Anna Mangus, 5, visits with Iris Stout Saturday during a 100th birthday celebration for the Provo grandmother at the Riverside Country Club in Provo.
Tim Hussin, Deseret News
PROVO Iris Stout grimaced as the doctor scrawled his signature across the bottom of yet another prescription slip.
"I don't want to take all these pills," she said. "I'm not going to live forever, you know."
He just smiled. "Honey, you already have."
That was five years ago. Saturday Stout celebrated her 100th birthday.
"I never thought I would make it to 100," she said. "I'm a little embarrassed, you know, because I'm sort of a curiosity.
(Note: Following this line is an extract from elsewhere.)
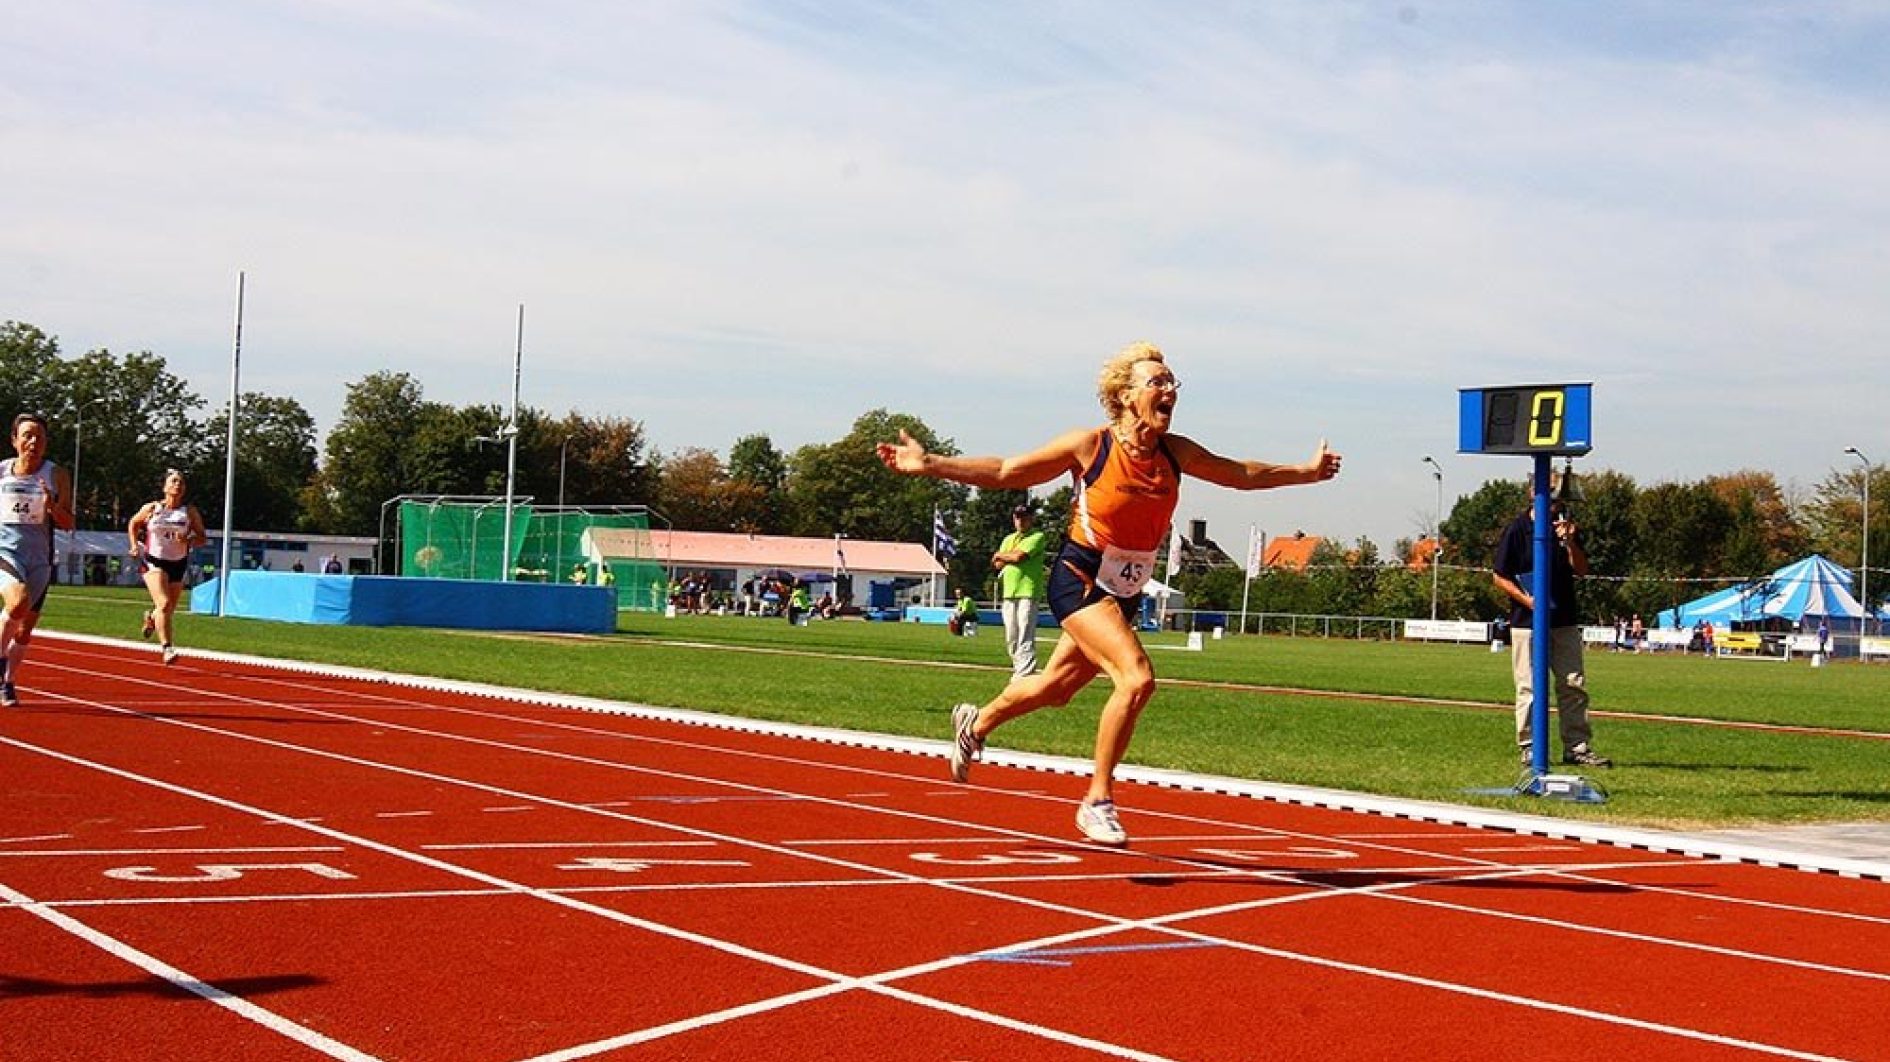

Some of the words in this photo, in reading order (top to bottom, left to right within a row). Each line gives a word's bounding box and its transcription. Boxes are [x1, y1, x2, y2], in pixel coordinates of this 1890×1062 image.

But I'm grateful."
Stout said she holds a doctor's office record for "longest to survive on a pacemaker." But besides that and a partial hearing loss due to a bout of shingles, the Provo grandmother reported feeling pretty spry.
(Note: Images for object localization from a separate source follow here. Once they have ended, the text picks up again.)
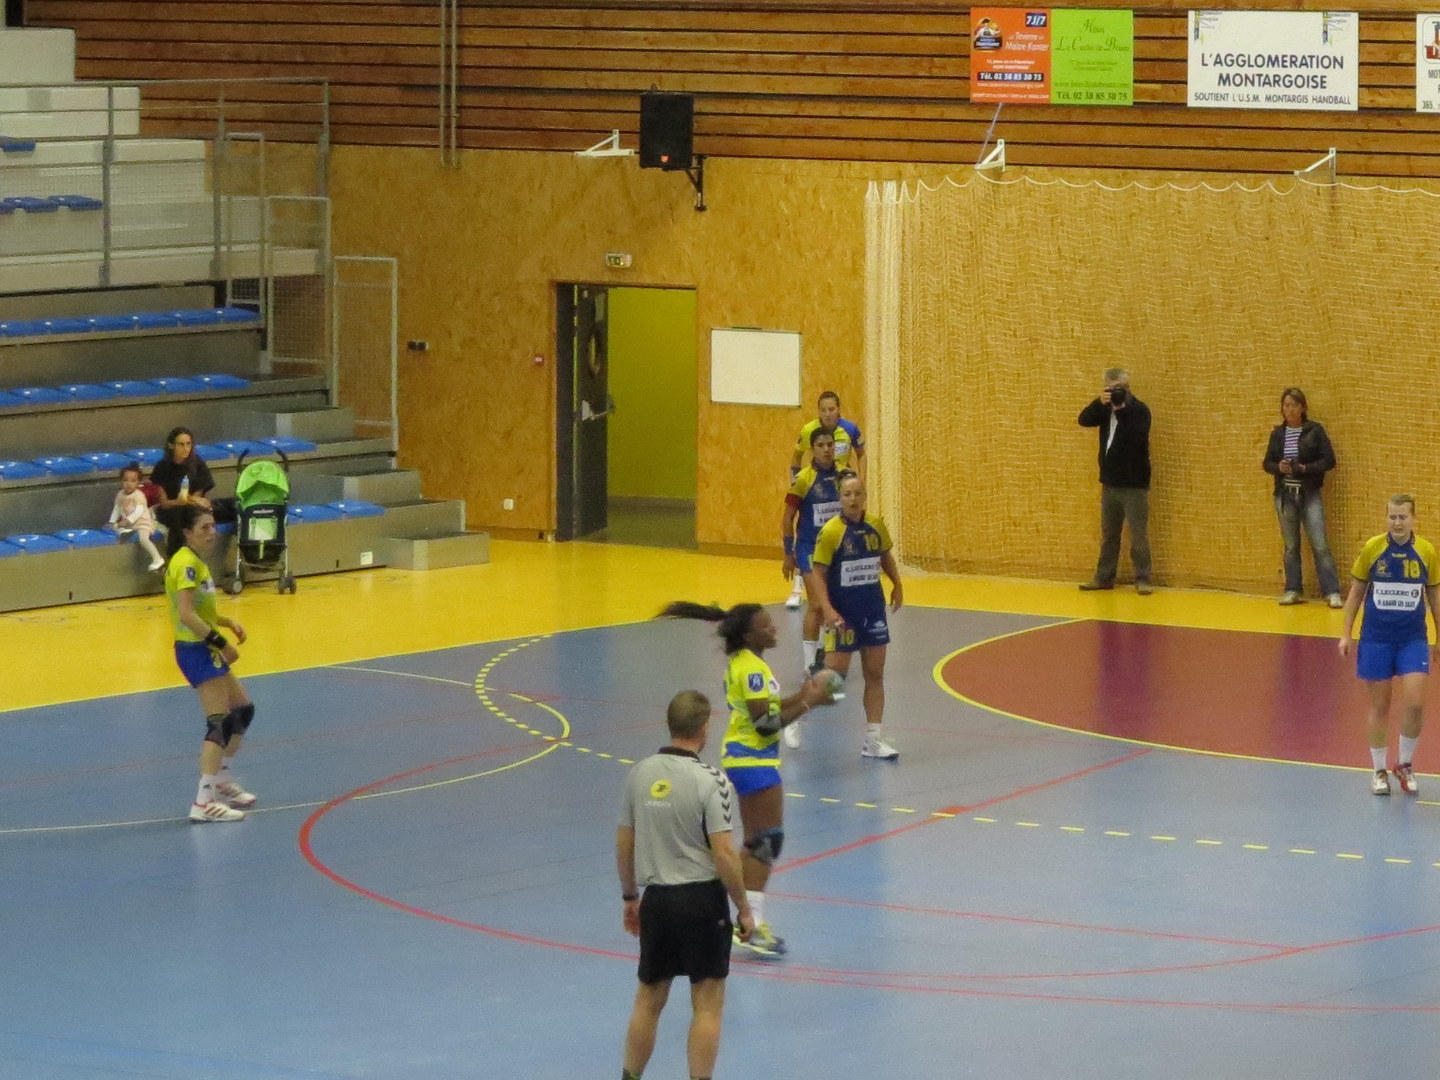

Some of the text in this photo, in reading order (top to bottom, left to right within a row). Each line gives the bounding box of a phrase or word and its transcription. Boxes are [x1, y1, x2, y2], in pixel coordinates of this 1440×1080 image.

[1201, 53, 1344, 69] L'AGGLOMERATION
[980, 72, 992, 80] Tél.
[1217, 73, 1327, 89] MONTARGOISE
[1194, 92, 1229, 102] SOUTIENT
[1265, 94, 1309, 104] MONTARGIS
[1312, 95, 1351, 105] HANDBALL
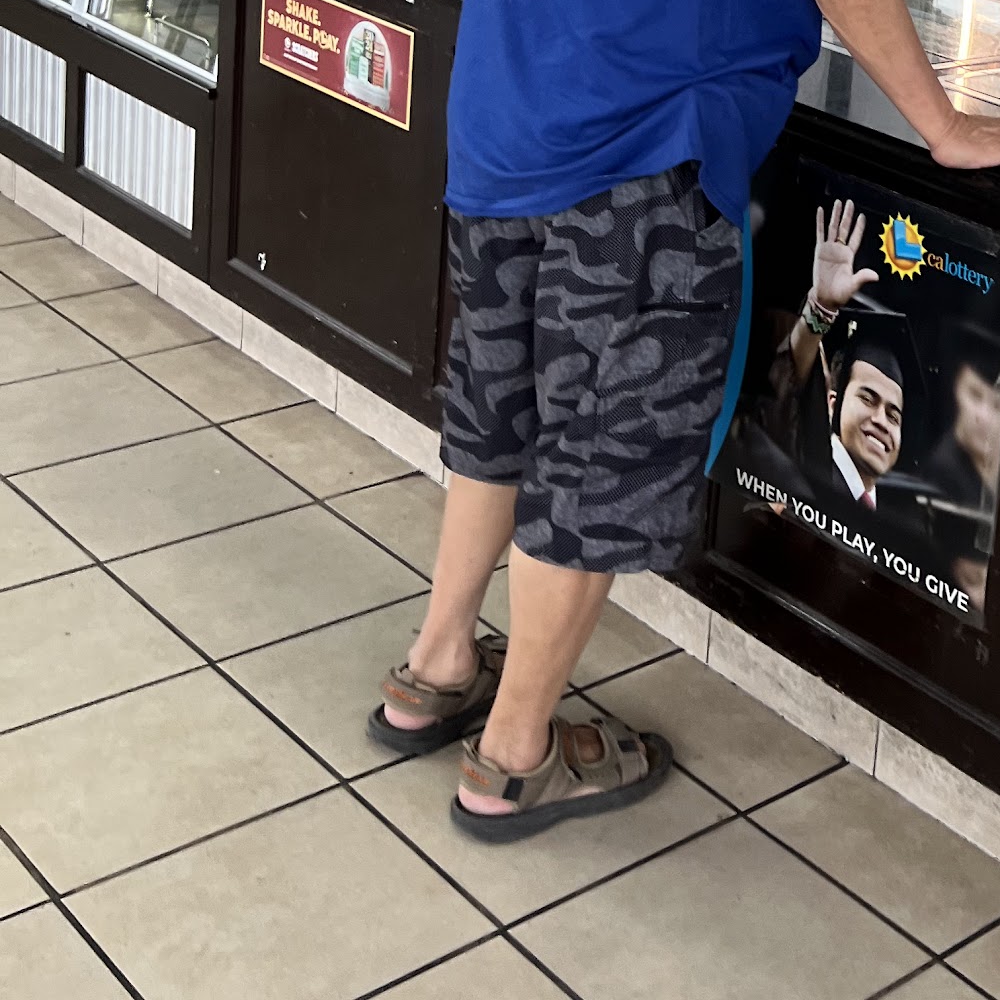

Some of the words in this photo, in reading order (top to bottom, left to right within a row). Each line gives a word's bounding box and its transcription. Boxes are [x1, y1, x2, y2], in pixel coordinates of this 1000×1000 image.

[267, 9, 312, 40] SPARKLE.
[926, 250, 995, 294] calottery
[736, 467, 788, 510] WHEN
[791, 496, 827, 531] YOU
[831, 518, 878, 564] PLAY,
[882, 546, 921, 584] YOU
[925, 572, 970, 613] GIVE
"None of the neighbors knew her age until three or four years ago," said Stout's youngest daughter, Mary Kay Stout, who manages a consulting business in Los Angeles. "She's always visiting the sick and elderly, making dinner for people. No one had any idea she was so elderly herself."
It wouldn't be hard, though, to mistake Iris Stout for a younger woman.
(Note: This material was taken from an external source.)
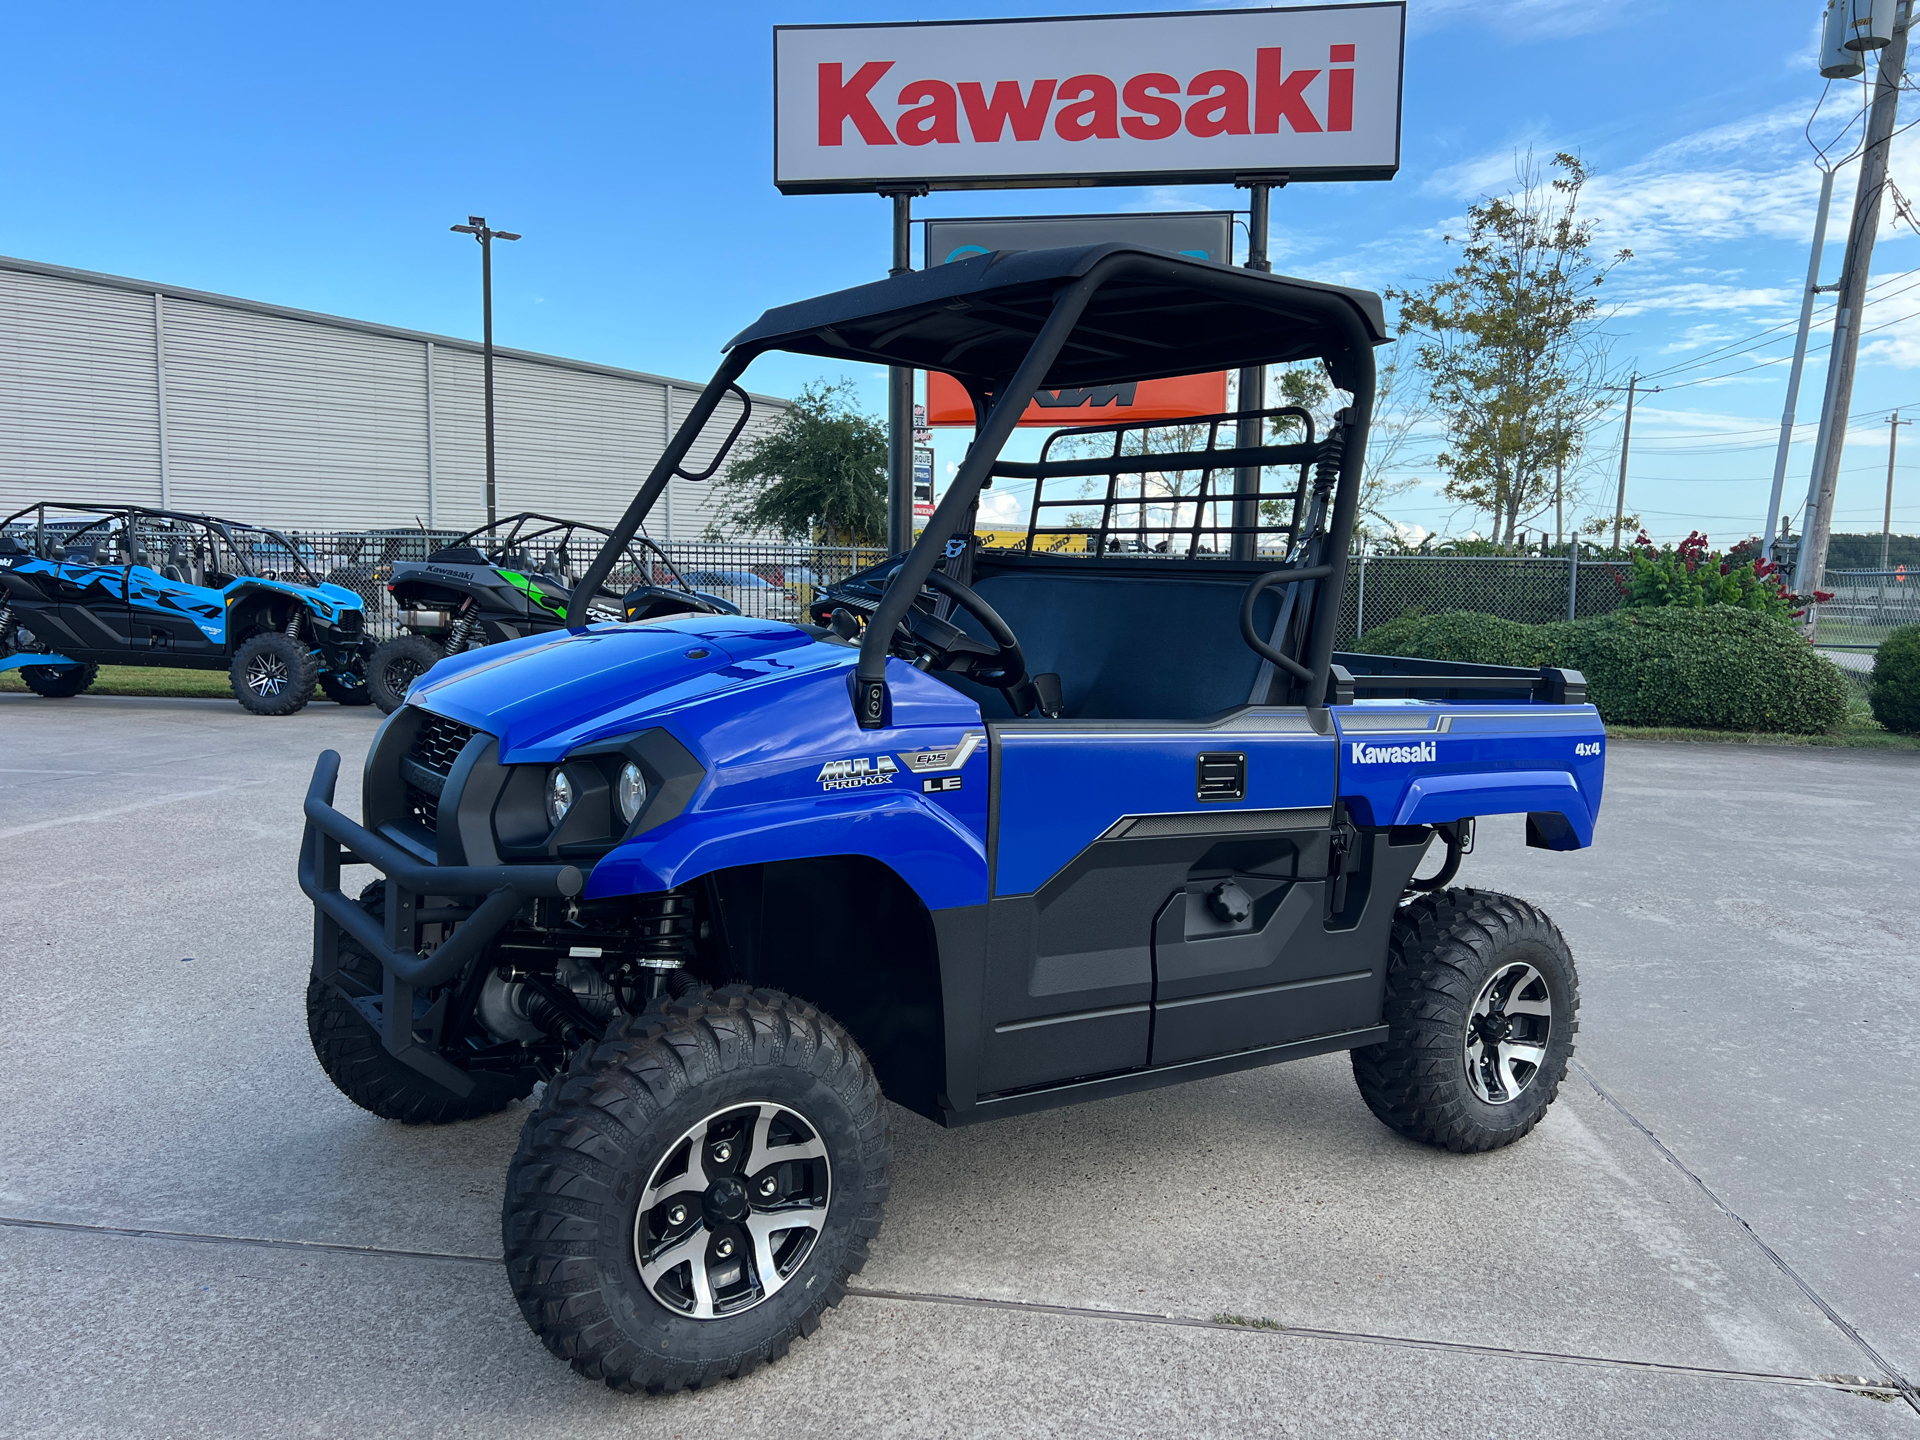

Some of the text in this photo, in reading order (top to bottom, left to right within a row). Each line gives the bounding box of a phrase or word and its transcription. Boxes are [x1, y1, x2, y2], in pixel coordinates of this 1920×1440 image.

"I love pretty clothes," she said. "I say if you look your best, you act your best."
Stout sat poised and confident Friday on the edge of her living room couch, perfectly polished fingers folded quietly in her lap. Wearing a trendy sweater set, brown curls expertly arranged, she looked ready to meet the president of the United States.
But Stout's already done that.
As a young woman, Stout, who was born and raised in Centerville, caught a bus to Washington, D.C., where she was elected the first woman president of the Utah State Society. She represented Utah at political functions and snagged several invitations to the White House.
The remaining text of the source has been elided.